Thanks for your help SH.

Which Plasma session are you trying to use, Xorg, or Wayland?

I still think removing Plymouth should be tried. It doesn’t hurt anything except possibly encryption for it to be absent, and has often been reported to solve problems with video. None of my NVidia gfx hardware has either proprietary drivers or Plymouth installed, and they all work just fine, including those with dual displays (none here with 15.0 use Plasma, which I only have installed in Tumbleweed, and I have SDDM installed in neither). I suggest if you are going to do this that you first try with the Xorg-integrated modesetting driver. Your other thread reported use of nouveau. To use modesetting, use yast or zypper to remove the xf86-video-nouveau package.

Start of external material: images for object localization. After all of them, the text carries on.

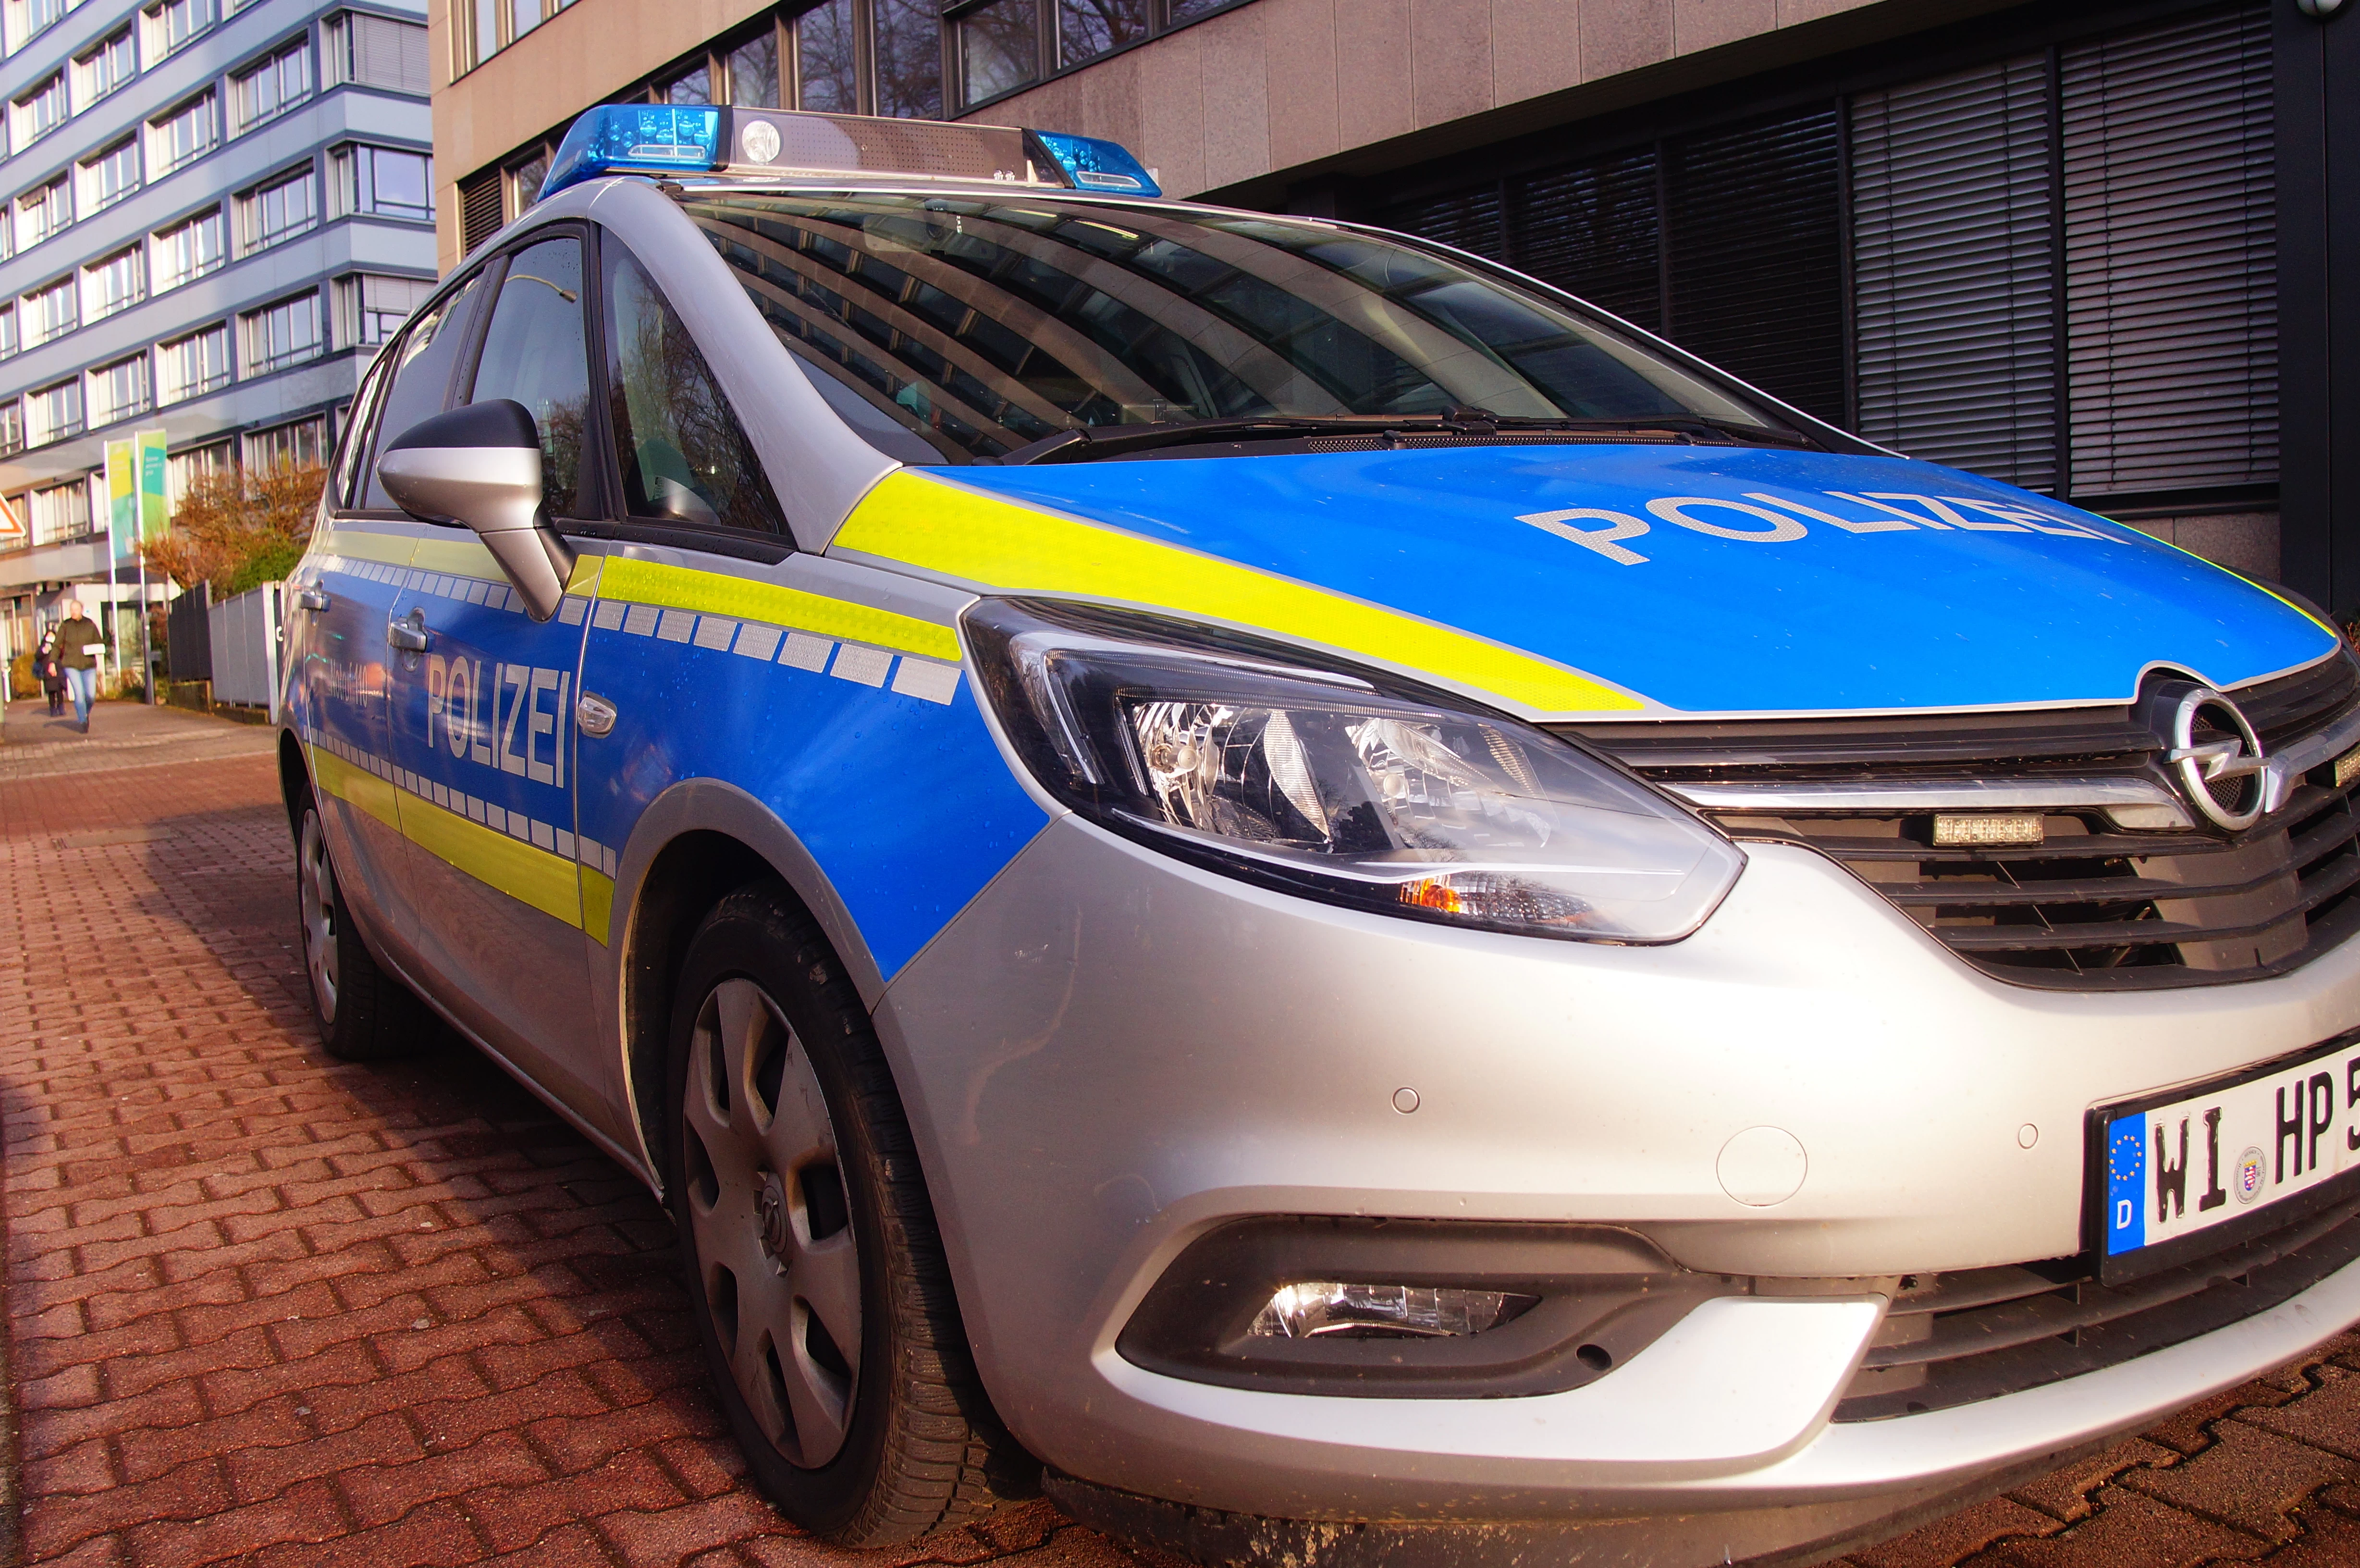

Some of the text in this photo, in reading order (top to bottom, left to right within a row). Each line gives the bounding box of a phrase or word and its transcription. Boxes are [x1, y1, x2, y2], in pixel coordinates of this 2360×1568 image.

[1514, 491, 2131, 566] POLIZEI
[330, 658, 368, 708] Notruf 110
[428, 654, 570, 788] POLIZEI
[2154, 1106, 2226, 1225] WI
[2275, 1071, 2334, 1185] HP
[2117, 1199, 2132, 1230] D

If Plymouth removal doesn’t help, I suggest to purge NVidia drivers from the installation by following the instructions that accompanied installation precisely, which necessarily includes purging nomodeset and nouveau.modeset=0 from Grub stanzas. The GeForce GT 520 is old enough that either or both of the FOSS X drivers (modesetting and nouveau) should be satisfactory for normal use (which possibly excludes demanding gaming).

Update-alternatives cannot configure lightdm if it is not first installed.

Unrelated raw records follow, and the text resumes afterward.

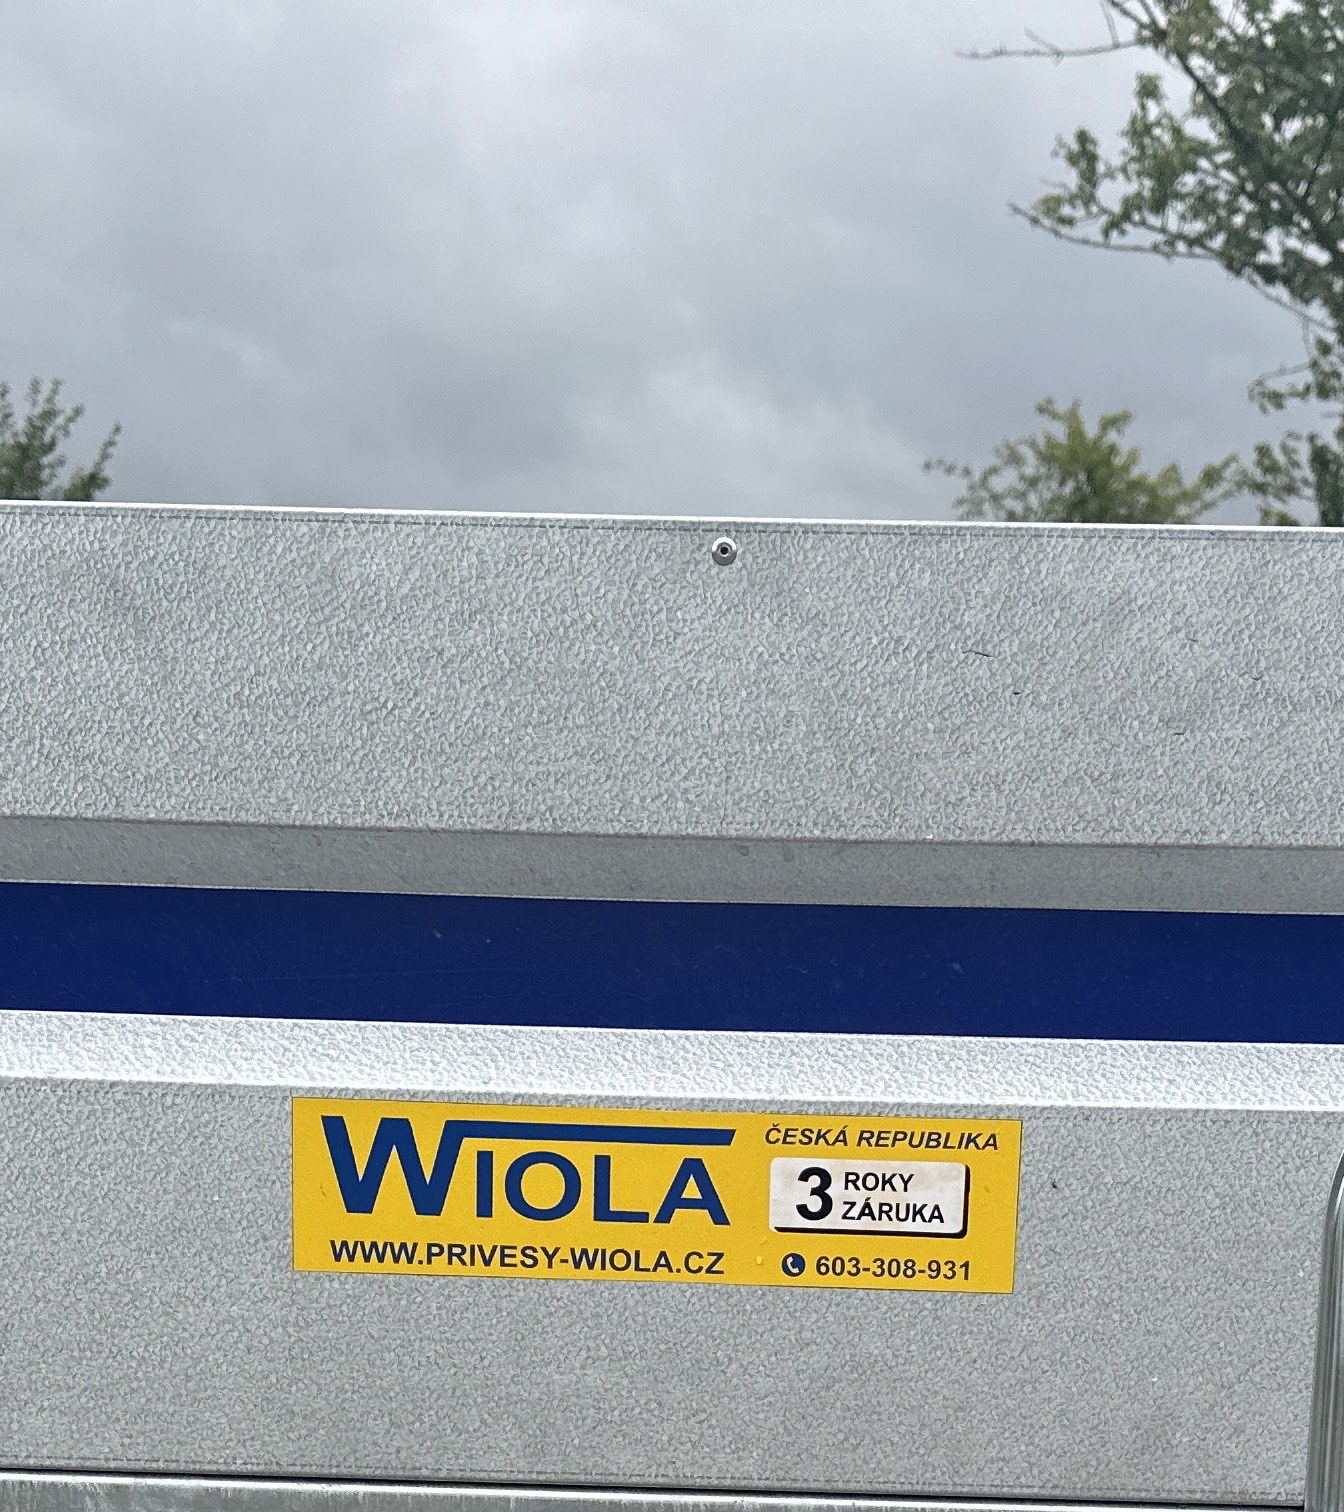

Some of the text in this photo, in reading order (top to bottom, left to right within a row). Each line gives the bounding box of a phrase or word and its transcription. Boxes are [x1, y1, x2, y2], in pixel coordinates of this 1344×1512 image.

[765, 1123, 999, 1151] ČESKÁ REPUBLIKA
[320, 1115, 737, 1226] WIOLA
[796, 1166, 915, 1221] 3 ROKY
[841, 1197, 945, 1224] ZÁRUKA
[329, 1240, 725, 1275] WWW.PRIVESY-WIOLA.CZ
[815, 1256, 970, 1281] 603-308-931

Using leap 15.0 i can not even reach login in character mode. In addition the grub configuration got broken so that I lost even my win 10 booting capability i.e. mycomputer is dead! I write this from my iPad tablet.
The risque mode has no zyepper so I can not reinstall nvidia drivers.
I am an old openSuse user, starting with CD based ver 7.0, using various PC workstations in dual boot via Grub, but NEVER ever I faced such a disaster.

Please help me to reach at least normal character mode login. Thanks SH.

Using leap 15.0 i can not even reach login in character mode. In addition the grub configuration got broken so that I lost even my win 10 booting capability i.e. mycomputer is dead! I write this from my iPad tablet.
The risque mode has no zyepper so I can not reinstall nvidia drivers.
I am an old openSuse user, starting with CD based ver 7.0, using various PC workstations in dual boot via Grub, but NEVER ever I faced such a disaster.

Please help me to reach at least normal character mode login. Thanks SH.
E.g. are there any boot options to chane display manager towards xdm?

You’ve booted installation media, selected to boot the installed system on the HD, and it fails to boot the HD?

If I boot from leap 15 Usb stick, and then I choose to boot from Hd and I do not reach the login in ch mode. If I boot from the same Usb but I update the syst 1st, it does a minimum update (few packages) but then booting from Hd gives the same result: does not reach even the ch mode login.
I have to repl the video driver(nvidia card) but I need to get to ch mode 1st and have IP connectivity.

Now, as I type, I havea dead PC: grub dual boot does not allow Win-10 booting option anymore (though it did that before and win-10 is there installed), linux boot can be done using leap 15 but that option does not reach ch mode because starting graphic mode fails but login to ch mode is not reached, computer hangs.
help, please help. Thanks SH.

Maybe giving Grub a special option (using C: or E: features to enter Grub window) I can force Grub to boot Win-10 as it did in the past or Force Grub to boot leap 15 but with specific graphic mode params.

AS I indicated in previous threads I am a long time OpenSuse user (since ver 7.2 maybe).
This said, given the very weak support I get lately from the forum, given that the OpenSuse Leap 15.0 can not even reach character mode login in case the graphic setup fails, I decided to my deepest regrets give up OpenSuse all together.
My request for help dates since weeks without getting your attention for even a question for more information.

It’s a pity since I worked since long with this distribution and I liked it, but enough is enough: time for a change or give up.>:(
Wishing you to have some more resilient clients, all the best friendly yours SH.